**Work order**
From the line that includes "Some of the words" to the last line of the records, inclusive, repeat each line exactly.

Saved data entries
================================
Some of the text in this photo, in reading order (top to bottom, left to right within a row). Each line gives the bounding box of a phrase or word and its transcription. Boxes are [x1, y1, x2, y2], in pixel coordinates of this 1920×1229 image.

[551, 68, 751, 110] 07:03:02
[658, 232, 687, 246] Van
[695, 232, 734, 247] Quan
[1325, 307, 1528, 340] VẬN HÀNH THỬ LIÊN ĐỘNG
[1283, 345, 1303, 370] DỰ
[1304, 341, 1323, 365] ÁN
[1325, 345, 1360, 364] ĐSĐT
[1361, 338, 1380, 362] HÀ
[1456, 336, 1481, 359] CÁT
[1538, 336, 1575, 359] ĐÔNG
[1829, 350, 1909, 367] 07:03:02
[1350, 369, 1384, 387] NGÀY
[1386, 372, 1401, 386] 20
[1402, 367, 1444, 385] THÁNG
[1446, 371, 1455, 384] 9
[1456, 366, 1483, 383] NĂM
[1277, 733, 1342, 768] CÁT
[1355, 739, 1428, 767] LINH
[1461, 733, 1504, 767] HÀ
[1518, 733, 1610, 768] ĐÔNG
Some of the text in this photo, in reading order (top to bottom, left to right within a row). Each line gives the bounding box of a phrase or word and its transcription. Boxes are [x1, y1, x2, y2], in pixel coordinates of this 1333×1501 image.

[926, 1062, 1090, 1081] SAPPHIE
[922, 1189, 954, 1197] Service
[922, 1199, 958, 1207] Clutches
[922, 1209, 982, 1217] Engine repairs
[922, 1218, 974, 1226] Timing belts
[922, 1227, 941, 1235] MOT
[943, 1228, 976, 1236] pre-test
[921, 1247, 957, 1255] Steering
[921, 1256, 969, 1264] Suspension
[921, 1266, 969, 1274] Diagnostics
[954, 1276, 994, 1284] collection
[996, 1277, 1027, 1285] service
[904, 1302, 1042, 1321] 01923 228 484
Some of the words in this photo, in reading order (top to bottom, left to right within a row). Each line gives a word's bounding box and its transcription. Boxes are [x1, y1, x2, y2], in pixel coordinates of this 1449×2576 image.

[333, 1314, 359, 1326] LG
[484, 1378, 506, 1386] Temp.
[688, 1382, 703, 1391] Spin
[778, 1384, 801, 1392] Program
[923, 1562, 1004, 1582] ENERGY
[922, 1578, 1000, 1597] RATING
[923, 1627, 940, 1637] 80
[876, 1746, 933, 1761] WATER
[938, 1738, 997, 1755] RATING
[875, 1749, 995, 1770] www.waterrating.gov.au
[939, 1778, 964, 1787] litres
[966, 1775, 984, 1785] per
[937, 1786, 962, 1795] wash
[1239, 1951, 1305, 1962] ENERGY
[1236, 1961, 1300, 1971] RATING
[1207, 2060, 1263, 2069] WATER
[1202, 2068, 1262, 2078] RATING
================================
**Answer section**
Some of the words in this photo, in reading order (top to bottom, left to right within a row). Each line gives a word's bounding box and its transcription. Boxes are [x1, y1, x2, y2], in pixel coordinates of this 1449×2576 image.

[333, 1314, 359, 1326] LG
[484, 1378, 506, 1386] Temp.
[688, 1382, 703, 1391] Spin
[778, 1384, 801, 1392] Program
[923, 1562, 1004, 1582] ENERGY
[922, 1578, 1000, 1597] RATING
[923, 1627, 940, 1637] 80
[876, 1746, 933, 1761] WATER
[938, 1738, 997, 1755] RATING
[875, 1749, 995, 1770] www.waterrating.gov.au
[939, 1778, 964, 1787] litres
[966, 1775, 984, 1785] per
[937, 1786, 962, 1795] wash
[1239, 1951, 1305, 1962] ENERGY
[1236, 1961, 1300, 1971] RATING
[1207, 2060, 1263, 2069] WATER
[1202, 2068, 1262, 2078] RATING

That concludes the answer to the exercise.